[RECORDS SHOWN Boundary: Start]
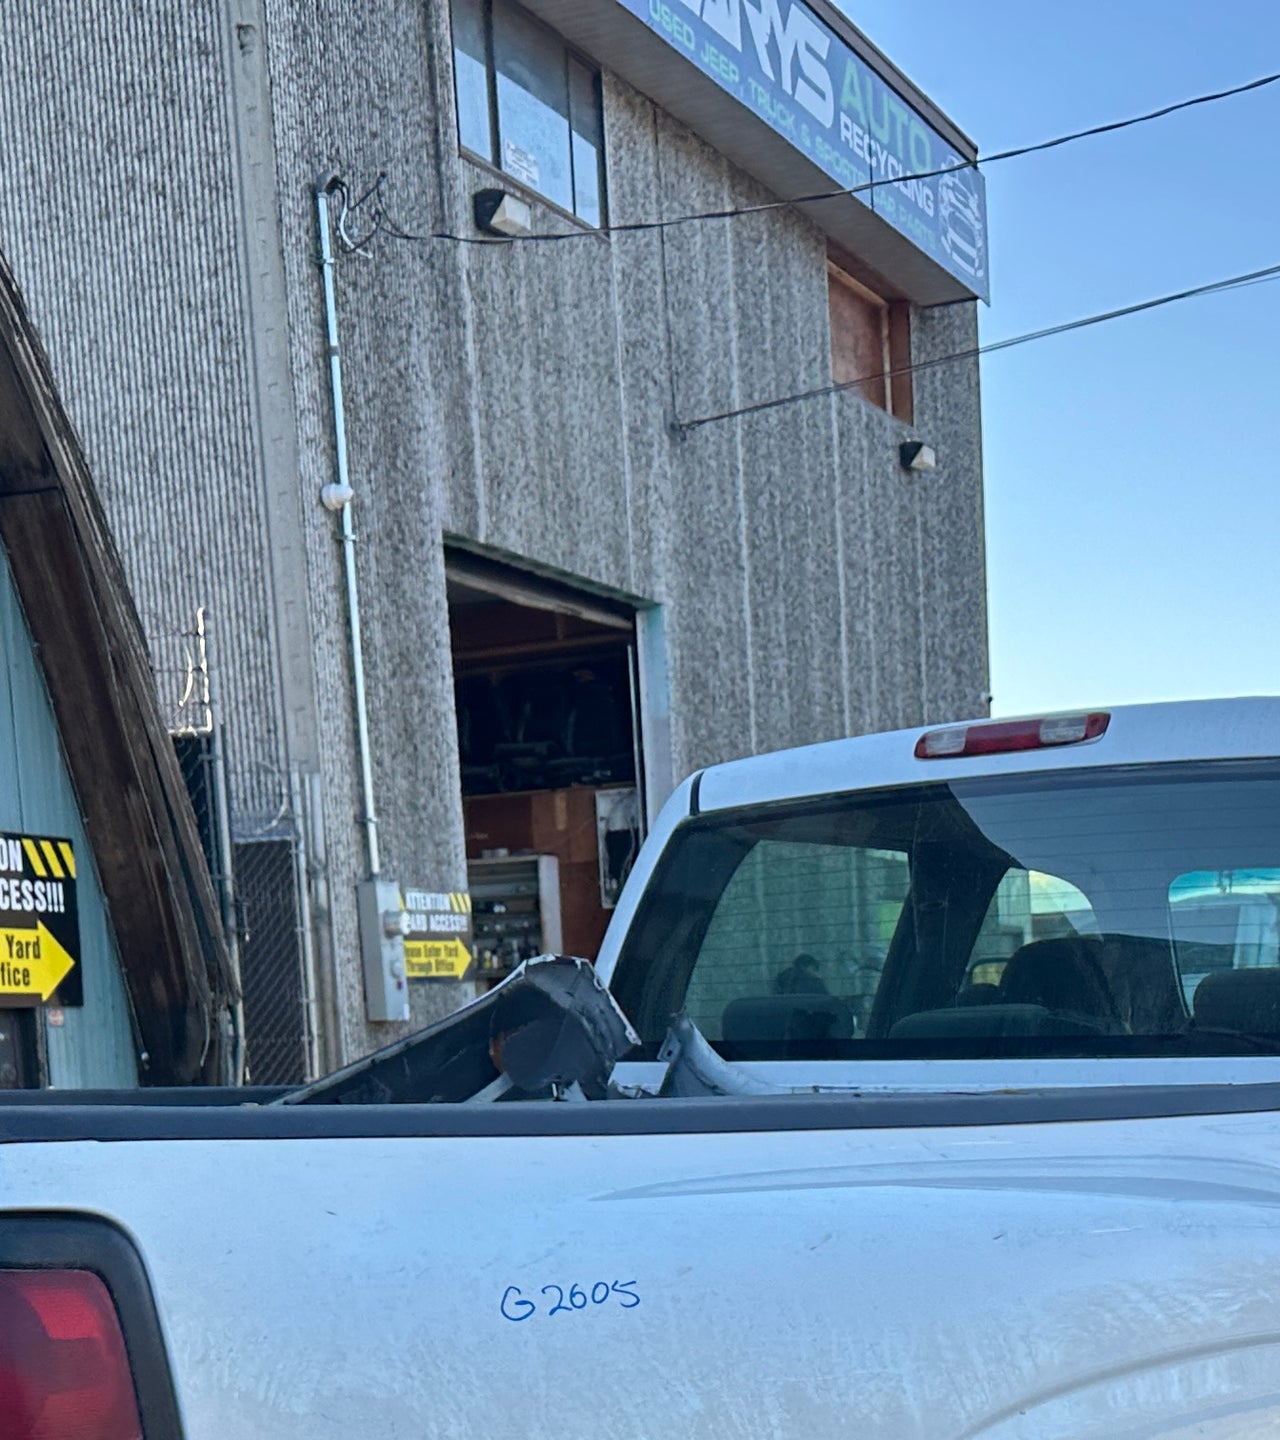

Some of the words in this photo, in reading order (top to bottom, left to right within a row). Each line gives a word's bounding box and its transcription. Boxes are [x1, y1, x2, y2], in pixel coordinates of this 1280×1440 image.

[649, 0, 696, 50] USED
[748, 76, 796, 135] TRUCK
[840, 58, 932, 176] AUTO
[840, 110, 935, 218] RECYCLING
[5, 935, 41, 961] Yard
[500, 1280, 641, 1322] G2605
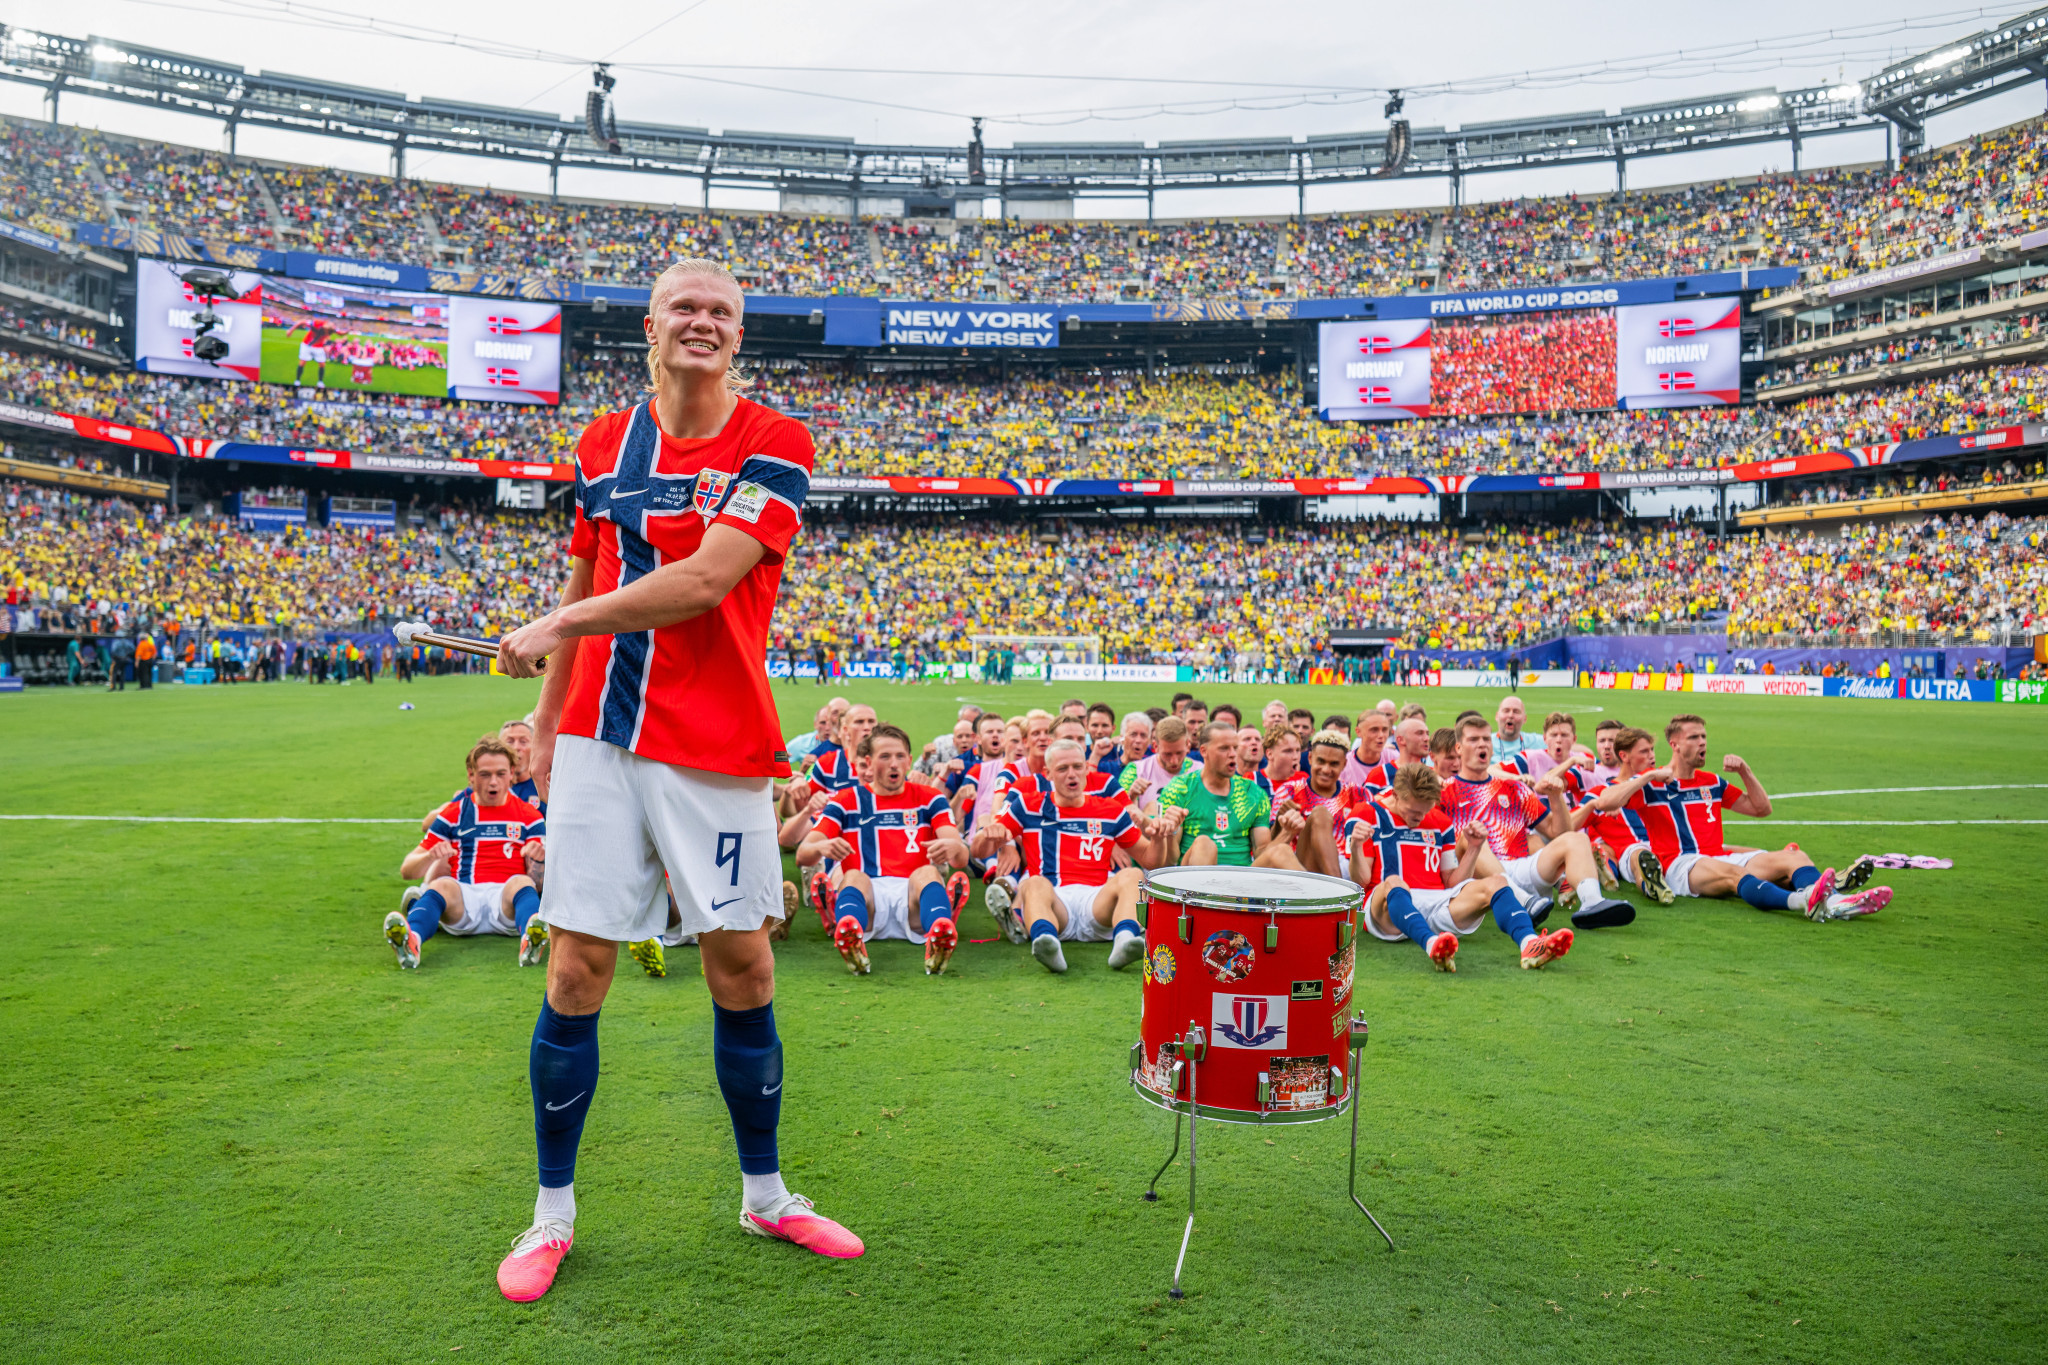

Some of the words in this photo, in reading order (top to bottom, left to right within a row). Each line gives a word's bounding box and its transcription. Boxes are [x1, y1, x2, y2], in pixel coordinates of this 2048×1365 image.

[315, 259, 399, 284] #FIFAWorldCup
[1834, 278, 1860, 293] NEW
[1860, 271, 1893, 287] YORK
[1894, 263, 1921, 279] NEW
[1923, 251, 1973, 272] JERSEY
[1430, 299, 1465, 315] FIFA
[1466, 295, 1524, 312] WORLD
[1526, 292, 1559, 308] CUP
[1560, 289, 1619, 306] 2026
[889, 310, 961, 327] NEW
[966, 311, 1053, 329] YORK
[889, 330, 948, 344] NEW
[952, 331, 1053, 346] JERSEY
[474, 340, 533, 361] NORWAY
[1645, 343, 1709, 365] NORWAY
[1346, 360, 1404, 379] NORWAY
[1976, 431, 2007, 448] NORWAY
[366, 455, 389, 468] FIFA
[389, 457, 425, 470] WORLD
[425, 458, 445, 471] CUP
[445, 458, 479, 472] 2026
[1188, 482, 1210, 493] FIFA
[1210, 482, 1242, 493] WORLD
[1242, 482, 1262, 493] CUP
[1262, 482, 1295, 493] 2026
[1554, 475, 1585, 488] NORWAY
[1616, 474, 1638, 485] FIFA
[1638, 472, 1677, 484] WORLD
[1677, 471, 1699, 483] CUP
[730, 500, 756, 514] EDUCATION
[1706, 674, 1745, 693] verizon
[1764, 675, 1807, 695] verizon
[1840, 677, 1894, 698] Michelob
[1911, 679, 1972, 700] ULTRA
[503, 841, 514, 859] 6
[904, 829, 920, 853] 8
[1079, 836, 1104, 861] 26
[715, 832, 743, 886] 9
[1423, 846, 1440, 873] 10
[RECORDS SHOWN Boundary: End]
DESCRIPTION OF THE TASK:
Could every entry above be printed again exactly, images excluded?

COMPLETED EXERCISE:
Some of the words in this photo, in reading order (top to bottom, left to right within a row). Each line gives a word's bounding box and its transcription. Boxes are [x1, y1, x2, y2], in pixel coordinates of this 1280×1440 image.

[649, 0, 696, 50] USED
[748, 76, 796, 135] TRUCK
[840, 58, 932, 176] AUTO
[840, 110, 935, 218] RECYCLING
[5, 935, 41, 961] Yard
[500, 1280, 641, 1322] G2605

Some of the words in this photo, in reading order (top to bottom, left to right within a row). Each line gives a word's bounding box and its transcription. Boxes are [x1, y1, x2, y2], in pixel coordinates of this 2048×1365 image.

[315, 259, 399, 284] #FIFAWorldCup
[1834, 278, 1860, 293] NEW
[1860, 271, 1893, 287] YORK
[1894, 263, 1921, 279] NEW
[1923, 251, 1973, 272] JERSEY
[1430, 299, 1465, 315] FIFA
[1466, 295, 1524, 312] WORLD
[1526, 292, 1559, 308] CUP
[1560, 289, 1619, 306] 2026
[889, 310, 961, 327] NEW
[966, 311, 1053, 329] YORK
[889, 330, 948, 344] NEW
[952, 331, 1053, 346] JERSEY
[474, 340, 533, 361] NORWAY
[1645, 343, 1709, 365] NORWAY
[1346, 360, 1404, 379] NORWAY
[1976, 431, 2007, 448] NORWAY
[366, 455, 389, 468] FIFA
[389, 457, 425, 470] WORLD
[425, 458, 445, 471] CUP
[445, 458, 479, 472] 2026
[1188, 482, 1210, 493] FIFA
[1210, 482, 1242, 493] WORLD
[1242, 482, 1262, 493] CUP
[1262, 482, 1295, 493] 2026
[1554, 475, 1585, 488] NORWAY
[1616, 474, 1638, 485] FIFA
[1638, 472, 1677, 484] WORLD
[1677, 471, 1699, 483] CUP
[730, 500, 756, 514] EDUCATION
[1706, 674, 1745, 693] verizon
[1764, 675, 1807, 695] verizon
[1840, 677, 1894, 698] Michelob
[1911, 679, 1972, 700] ULTRA
[503, 841, 514, 859] 6
[904, 829, 920, 853] 8
[1079, 836, 1104, 861] 26
[715, 832, 743, 886] 9
[1423, 846, 1440, 873] 10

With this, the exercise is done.